_Exercise_. Print out each entry without alteration, and keep the pictures out.

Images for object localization
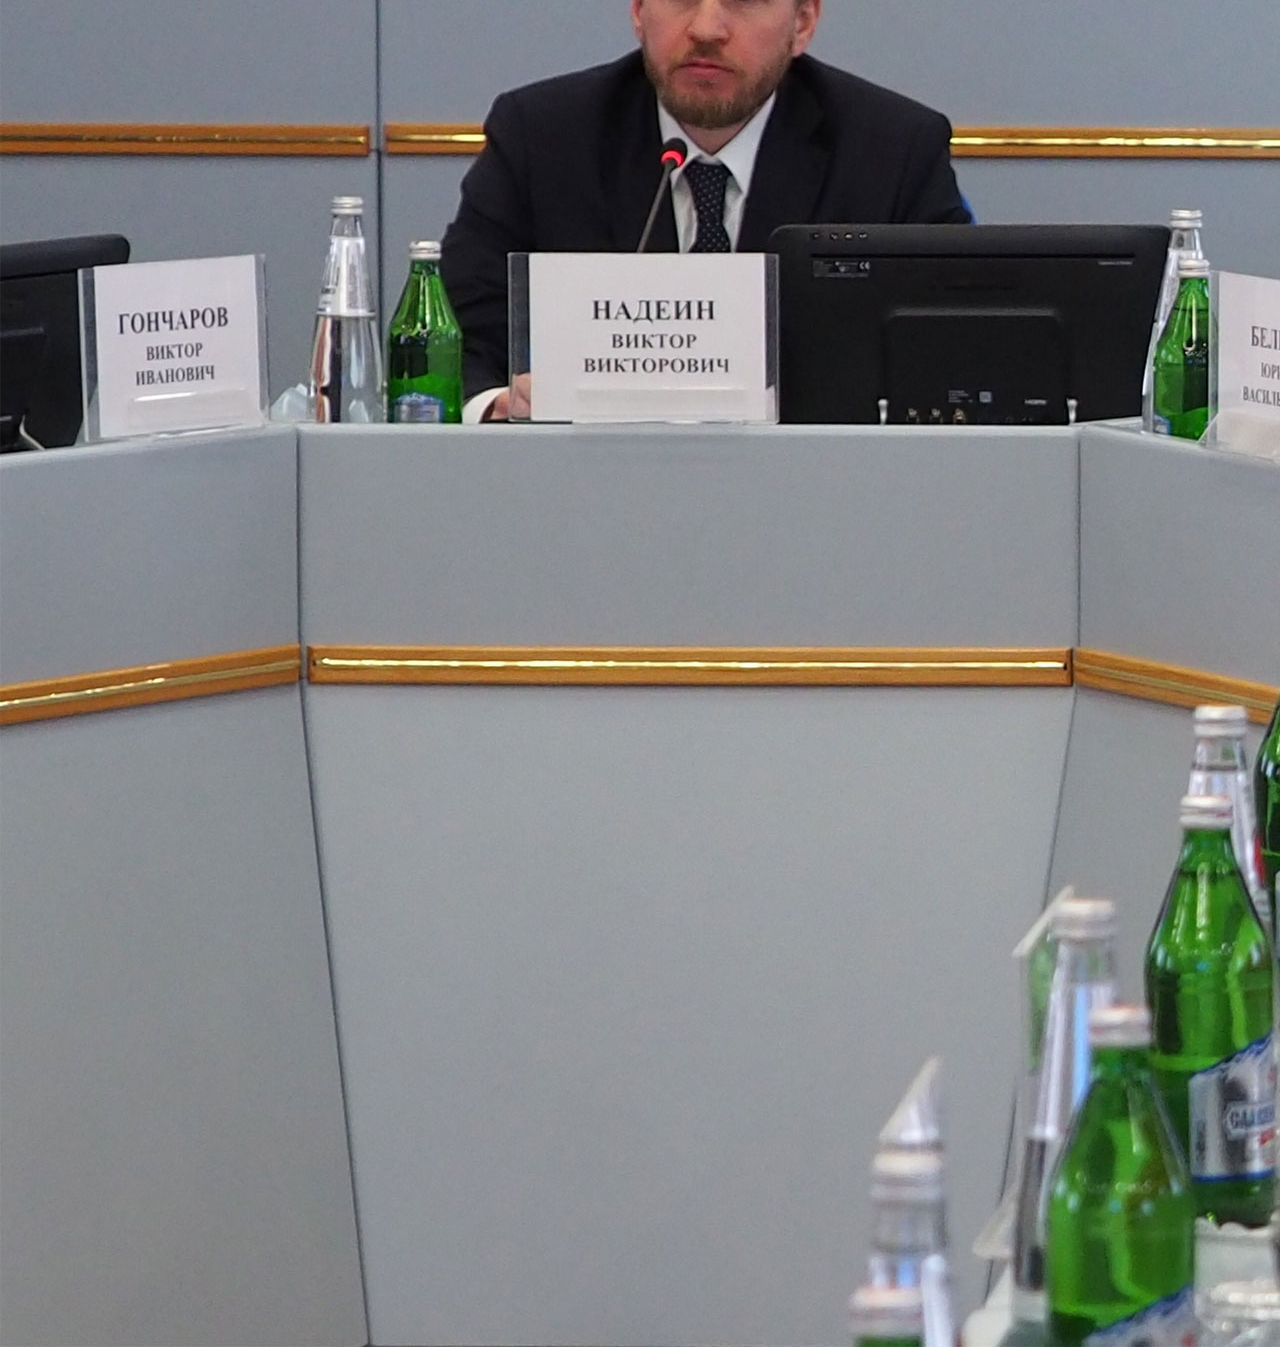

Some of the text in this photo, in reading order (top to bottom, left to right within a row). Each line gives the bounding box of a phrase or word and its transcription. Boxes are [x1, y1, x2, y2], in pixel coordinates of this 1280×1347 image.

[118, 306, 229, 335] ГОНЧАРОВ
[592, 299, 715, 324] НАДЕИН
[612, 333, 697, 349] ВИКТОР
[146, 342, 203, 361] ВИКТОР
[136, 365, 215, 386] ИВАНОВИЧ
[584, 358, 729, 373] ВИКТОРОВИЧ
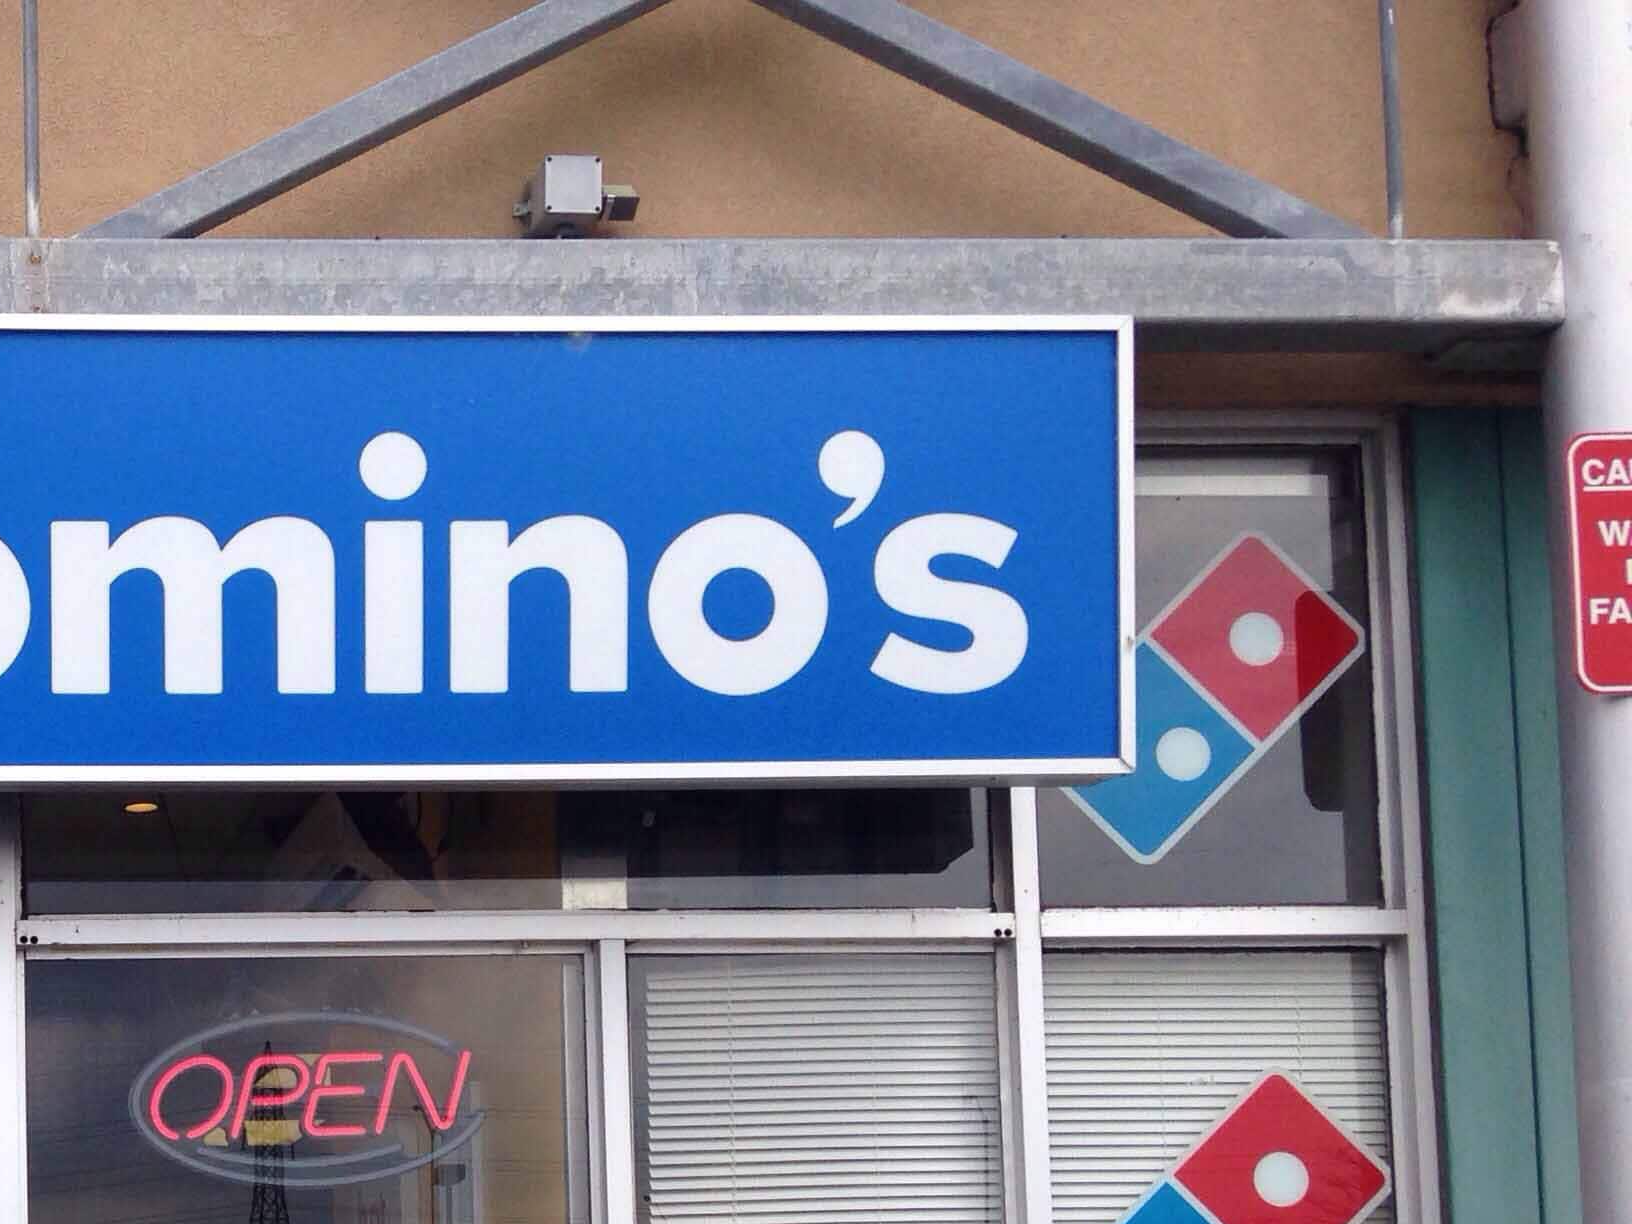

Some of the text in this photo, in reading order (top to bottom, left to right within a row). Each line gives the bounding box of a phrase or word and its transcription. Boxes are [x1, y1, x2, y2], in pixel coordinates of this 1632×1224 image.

_Your solution_.
Some of the text in this photo, in reading order (top to bottom, left to right within a row). Each line gives the bounding box of a phrase or word and its transcription. Boxes are [x1, y1, x2, y2], in pixel coordinates of this 1280×1347 image.

[118, 306, 229, 335] ГОНЧАРОВ
[592, 299, 715, 324] НАДЕИН
[612, 333, 697, 349] ВИКТОР
[146, 342, 203, 361] ВИКТОР
[136, 365, 215, 386] ИВАНОВИЧ
[584, 358, 729, 373] ВИКТОРОВИЧ

Some of the text in this photo, in reading order (top to bottom, left to right within a row). Each line gives the bounding box of a phrase or word and its transcription. Boxes are [x1, y1, x2, y2], in pixel coordinates of this 1632×1224 image.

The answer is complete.